Other independent studios with a hit (or more) will be considering their own possible valuations, and hoping for DeNA, GREE and other big games companies to go on their own acquisition sprees to hoover up popular mobile titles and scale up their player networks.

And if OMGPOP is worth $210m, what does that mean for the valuation of Rovio? Angry Birds is now well over 700m downloads in its various incarnations, with new title Angry Birds Space making its debut today (22 March).

The Angry Birds games had 30m daily active users in October 2011, and likely more now, with a proven secondary revenue stream (25m plush toy sales so far) and all manner of other spin-offs on the way.
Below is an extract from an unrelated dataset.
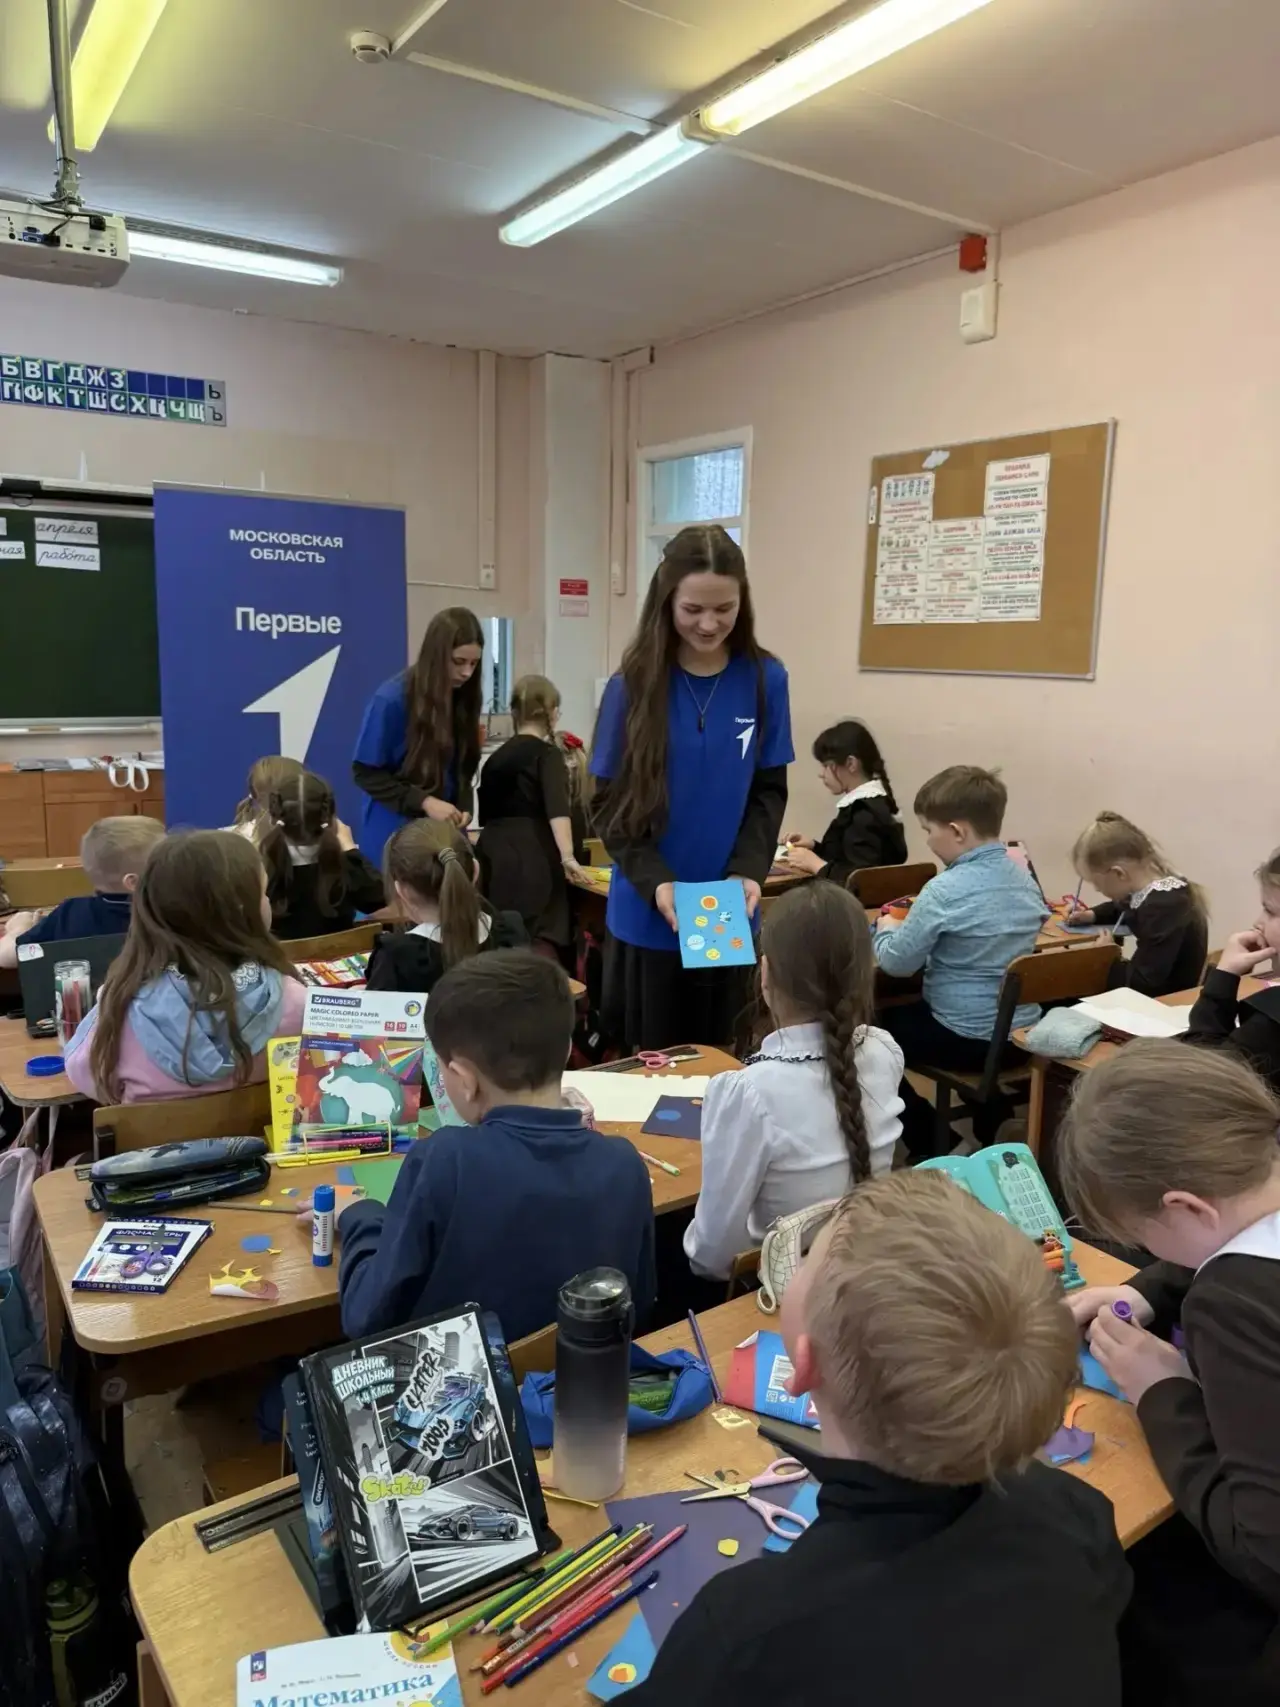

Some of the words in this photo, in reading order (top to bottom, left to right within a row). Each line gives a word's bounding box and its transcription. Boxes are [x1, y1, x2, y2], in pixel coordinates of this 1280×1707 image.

Yet if its valuation is inflated further by OMGPOP's selling price, the pool of companies that could afford to buy Rovio shrinks further too, nudging it further towards an IPO, or a sale to an entertainment giant like Disney rather than a fellow games firm.

The real lesson of Draw Something, though, is the dizzying pace of the mobile apps industry right now. A game that launched on 1 February accumulated 35m downloads in seven weeks before its creator was sold – if the reports are true – for $210m.

This is the scale with which new digital brands are emerging in the apps world. The question now is which will be next – and just how frenzied will the acquisition scramble be around it?